I took a course put together for GO-MAP ambassadors at the University of Washington this past quarter. One of our assignments was to write a Mentor Memo to help other grad students through the trials and tribulations of graduate school. I’ll admit, i stumbled blindly into graduate school ad have been surprised, shocked and completely un-prepared for this process. My mother completed high school at 16 and my father earned his degree(s) at night while holding down a full time job and raising two children. Their lives are markedly different, and their understanding of education is incredibly flavored by their drive toward bettering not just their lives, but the lives of their family, so this process has been a fascinating journey of accident and surprise.
I began writing my dissertation proposal in the Fall of 2009. Just as i was finishing my first NSF grant proposal (to be submitted by January 15), the earthquake happened in Haiti.
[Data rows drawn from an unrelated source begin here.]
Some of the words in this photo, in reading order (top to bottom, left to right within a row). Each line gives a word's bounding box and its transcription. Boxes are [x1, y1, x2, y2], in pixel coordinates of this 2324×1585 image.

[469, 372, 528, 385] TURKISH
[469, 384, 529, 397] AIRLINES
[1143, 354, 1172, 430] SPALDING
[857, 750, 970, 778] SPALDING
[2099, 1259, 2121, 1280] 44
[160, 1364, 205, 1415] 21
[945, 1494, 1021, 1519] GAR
I froze. It took another six months to completely re-configure my dissertation proposal. I then spent the following year applying for funding – and was turned down 8 times. I am now on my 3rd iteration, and although it is nothing like my first proposal, it is something that i happy with and really excited to pursue.
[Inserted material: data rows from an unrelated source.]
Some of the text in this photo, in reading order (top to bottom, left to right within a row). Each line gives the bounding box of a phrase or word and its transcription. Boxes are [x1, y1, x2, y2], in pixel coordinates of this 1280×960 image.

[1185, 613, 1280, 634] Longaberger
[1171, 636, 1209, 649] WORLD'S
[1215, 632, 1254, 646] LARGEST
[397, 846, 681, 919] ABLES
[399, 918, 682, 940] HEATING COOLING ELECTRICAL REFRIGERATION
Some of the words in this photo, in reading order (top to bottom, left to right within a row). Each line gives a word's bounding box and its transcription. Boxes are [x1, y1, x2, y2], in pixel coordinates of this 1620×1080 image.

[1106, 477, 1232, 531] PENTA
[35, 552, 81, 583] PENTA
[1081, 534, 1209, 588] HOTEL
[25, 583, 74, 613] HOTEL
When we were given the assignment, it was a no brainer for me: What to do when things go terribly wrong. There is no instruction manual. My own advisor, Katharyne Mitchell was poised to go to China to do her field research, just when Tianamen Square happened. Another colleague had to contend with civil war breaking out in her research site, just as her NSF approval came through. She had to write in a contingency plan. It happens – experiments fail, research sites become unstable, natural disasters happen. This is what i turned in:
When things go terribly wrong
Events happen. Very big events happen. Just like life, research plans don’t always pan out exactly as you expect. Your research site may become inaccessible due to a civil war breaking out, or a major natural disaster. Or your research project may simply not work, or an experiment might fail. These obstacles are an integral part of being a researcher, and while they can be very disappointing, they can also be great learning opportunities, if you let them.
It’s okay to be upset. In fact, it’s natural to be disappointed when your carefully laid plans, sometimes of several years, don’t pan out quite like you’d prepared. But don’t panic! Take a few days to recuperate from the shock, then get back to work. Oftentimes, what emerges from the wreckage is equally, if not more, exciting and viable than your original plan.
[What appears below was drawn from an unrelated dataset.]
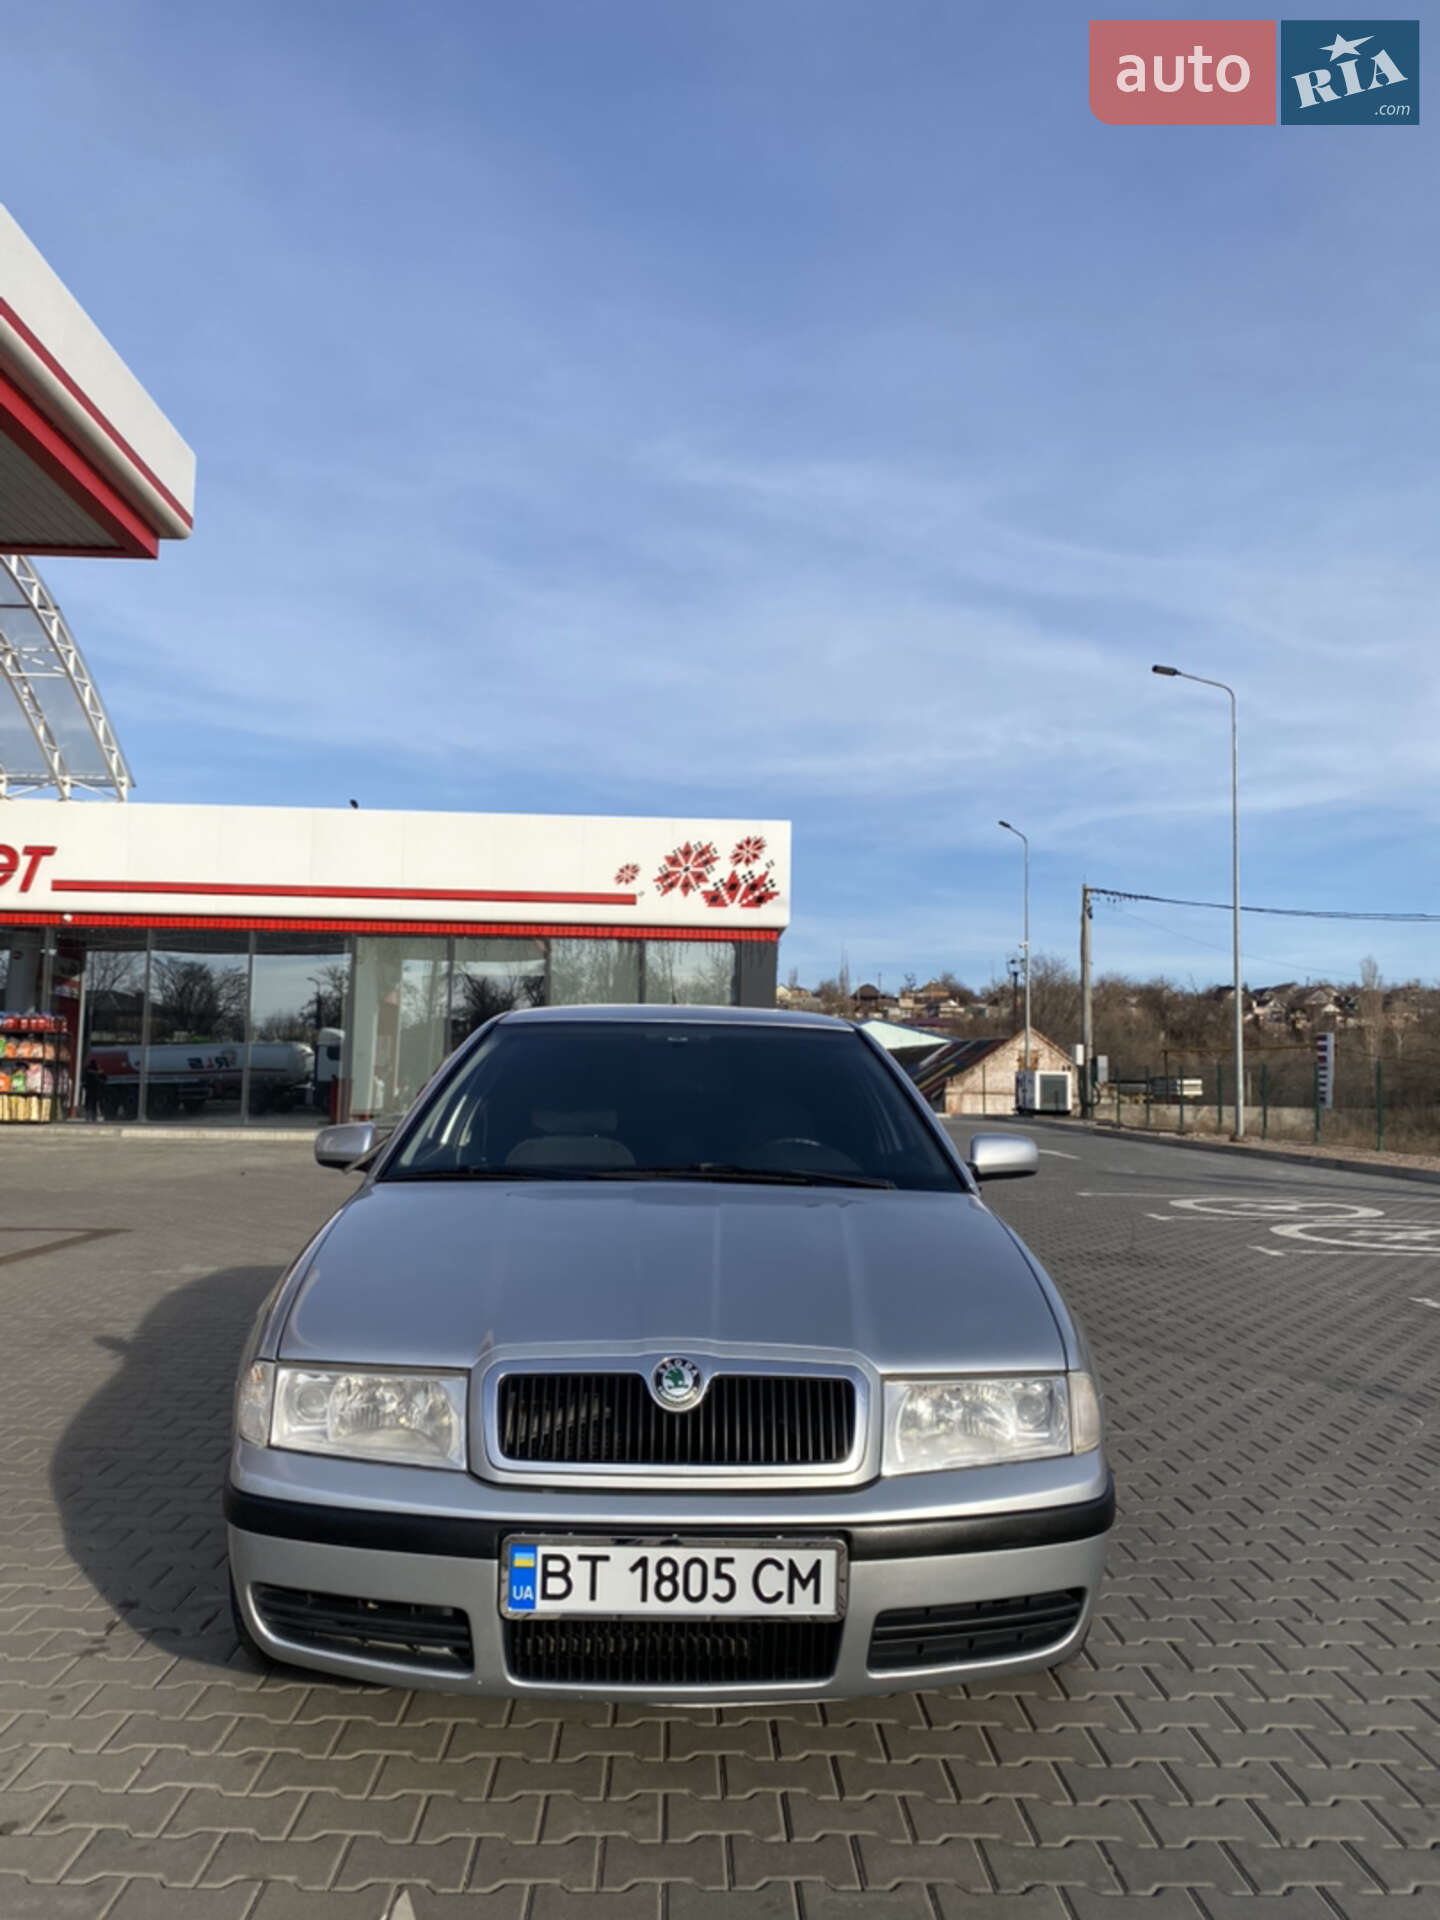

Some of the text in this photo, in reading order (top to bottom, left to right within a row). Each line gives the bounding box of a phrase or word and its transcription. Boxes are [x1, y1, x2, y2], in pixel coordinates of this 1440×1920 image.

[512, 1585, 535, 1601] UA
[540, 1553, 822, 1606] BT 1805 CM
Don’t put yourself in harm’s way
It may be tempting to try to move ahead with a research project, even if the research site has become unstable or the project dangerous. Remember, this is just the beginning of your research career! You will have plenty of opportunity to revisit your project or to come up with new ones. It is not worth putting yourself in harm’s way for your first project – no matter how married to it you are.
Get back on track
Because your research plans or degree trajectory might be tied to funding or time restrictions, it is important to regroup and get back to work quickly.
- Talk to your advisor as soon as possible about the conundrum – he or she will have been through something similar before and can help you lay out a plan of action for moving forward
- Immediately set about figuring out what can be salvaged – while a research site or project may no longer be viable, other forms of research might be able to help answer at least part of your original research question
- Create a timeline for when your new project proposal will materialize – give it to your adviser so that he or she can help you stay on track
Don’t try to rush
Although you might be on a timeline that requires quick action and planning, don’t jump into the next project out of desperation. You will be working on your new project for at least another year, if not for another 10 years – so be sure you are passionate about it! Remember, the degree is not just an end goal – it and your research are a stepping stone into your future.
Lean on your friends and colleagues
As graduate students, we often work (and work through things) alone. Don’t feel like you have to do this alone! Turn to your friends and colleagues as you work through your new project proposal. They will have invaluable insights and suggestions. They will already know your interest areas and will not be as emotionally invested in your project as you are – often times giving them a much clearer sense of how to being to think about moving forward.
They will also be able to offer the kind of sympathy that can only come from those who are working toward the same kinds of goals. Being part of a graduate community is being a part of both the triumphs and the difficulties, and sharing the load will make the recovery that much easier.